Dec 12, 2017 | by Heidi Bleau

If there’s one thing that 2017’s high-profile data breaches confirmed, it’s that they aren’t just a headache for the hacked organization and its customers. Poor password practices—such as weak passwords and the reuse of passwords across multiple sites—make verified login credentials highly desirable on the black market.

The impact of account takeover on your business can reach far beyond your immediate financial losses—your customers will go elsewhere if you can’t keep their accounts safe, even if their poor password practices are a contributing factor. And the damage to your reputation can be irreparable. Unfortunately, legacy security tools, such as web application firewalls, are geared towards identifying the exploitation of software defects and aren’t necessarily designed to spot account takeover.
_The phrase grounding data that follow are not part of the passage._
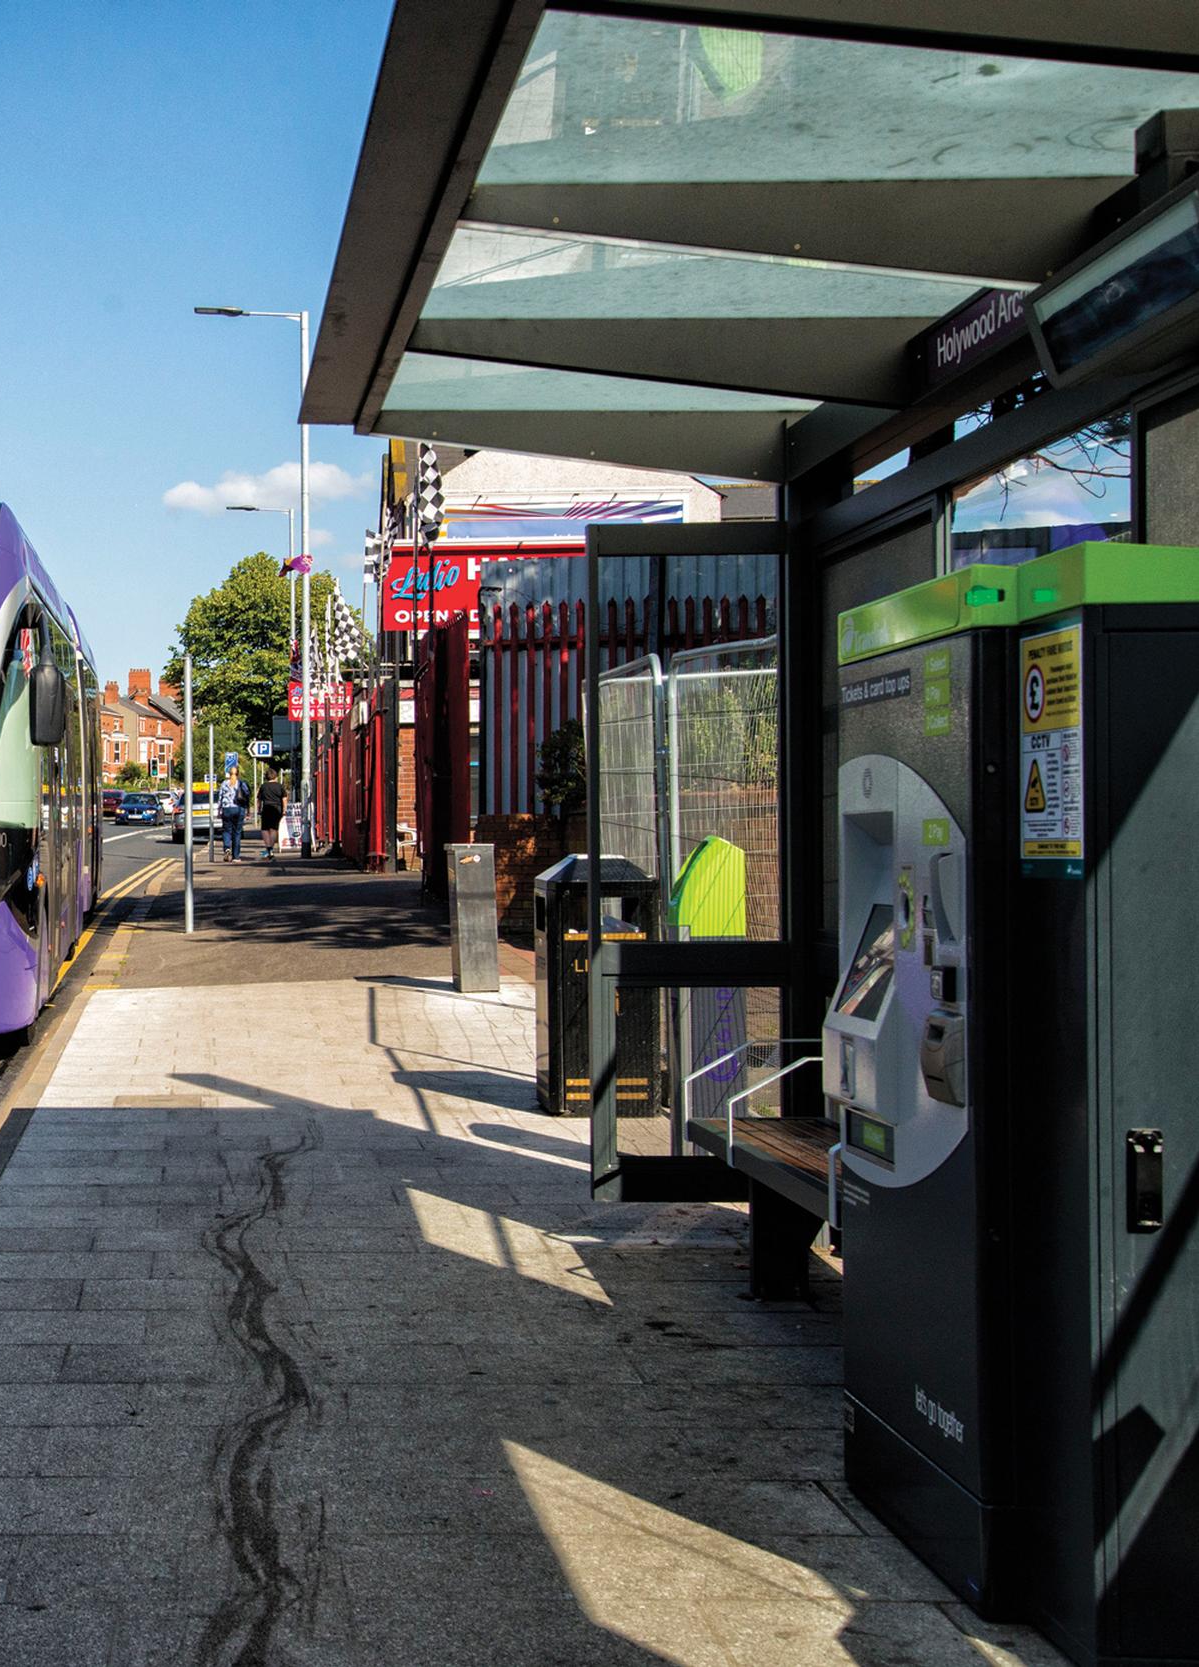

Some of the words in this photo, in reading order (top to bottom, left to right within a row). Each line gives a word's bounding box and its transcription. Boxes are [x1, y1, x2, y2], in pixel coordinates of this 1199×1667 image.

[937, 300, 995, 368] Holywood
[997, 291, 1024, 329] Arc
[394, 609, 449, 624] OPEN
[841, 682, 863, 703] Tickets
[864, 681, 869, 698] &
[869, 677, 884, 696] card
[885, 675, 897, 696] top
[897, 674, 910, 694] ups
[291, 696, 315, 705] CR
[291, 709, 315, 718] VN
[259, 744, 268, 754] P
[1031, 734, 1051, 749] CCTV
[928, 1399, 937, 1426] go
[937, 1401, 964, 1444] together
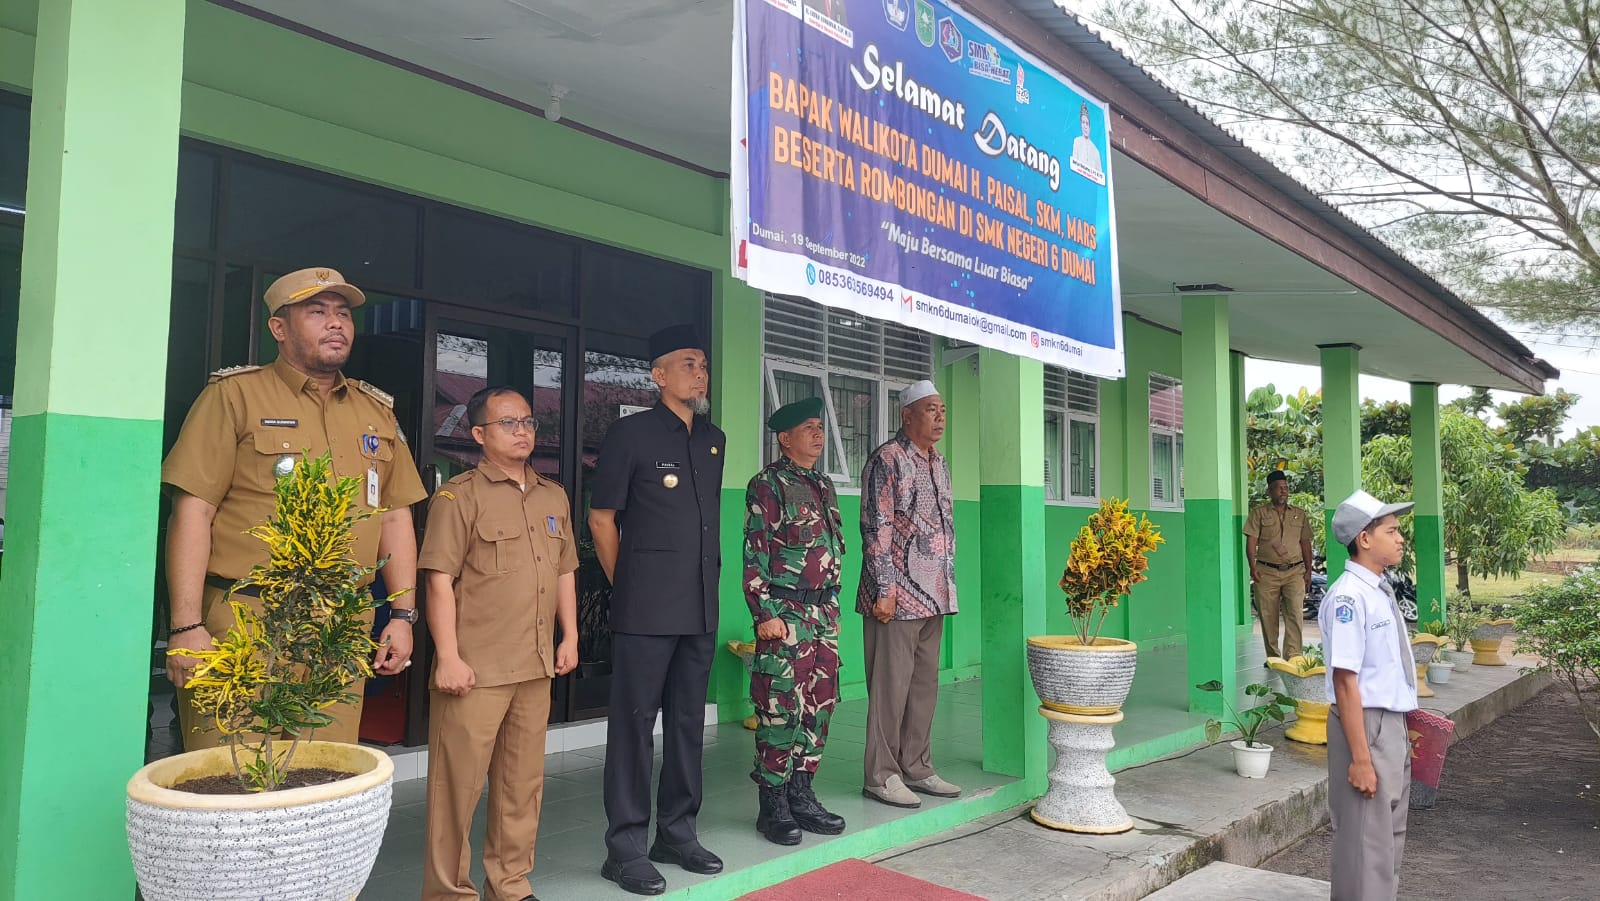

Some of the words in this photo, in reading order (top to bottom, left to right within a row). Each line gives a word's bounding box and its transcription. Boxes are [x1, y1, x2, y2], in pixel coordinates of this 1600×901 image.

[769, 70, 833, 133] BAPAK
[838, 102, 918, 172] WALIKOTA
[922, 143, 968, 195] DUMAI
[971, 167, 984, 201] H.
[987, 176, 1034, 227] PAISAL,
[1036, 199, 1065, 240] SKM,
[1066, 213, 1097, 251] MARS
[850, 44, 966, 131] Selamat
[974, 111, 1060, 192] Datang
[751, 221, 788, 245] Dumai,
[790, 231, 804, 246] 19
[805, 236, 849, 262] September
[849, 251, 867, 269] 2022
[774, 124, 856, 192] BESERTA
[860, 160, 956, 232] ROMBONGAN
[959, 204, 973, 238] DI
[975, 211, 1005, 250] SMK
[1007, 224, 1049, 267] NEGERI
[1051, 243, 1059, 273] 6
[1061, 247, 1096, 286] DUMAI
[920, 236, 972, 271] Bersama
[974, 255, 1000, 281] Luar
Automated Attacks are Fast and Repetitive
Automated tools allow cybercriminals to test the validity of username/password combinations stolen during data breaches much faster than a human being can. Sentry MBA, for example, is a common tool used in automated attacks.  It is traded widely and freely on internet forums, is easy to configure and use, but can be extremely difficult to detect. That’s a real problem.

However, the rapid-fire nature of automated attacks can also help detect them: humans and robots have very distinct navigation paths, and web behavior analytics can be used to distinguish those patterns.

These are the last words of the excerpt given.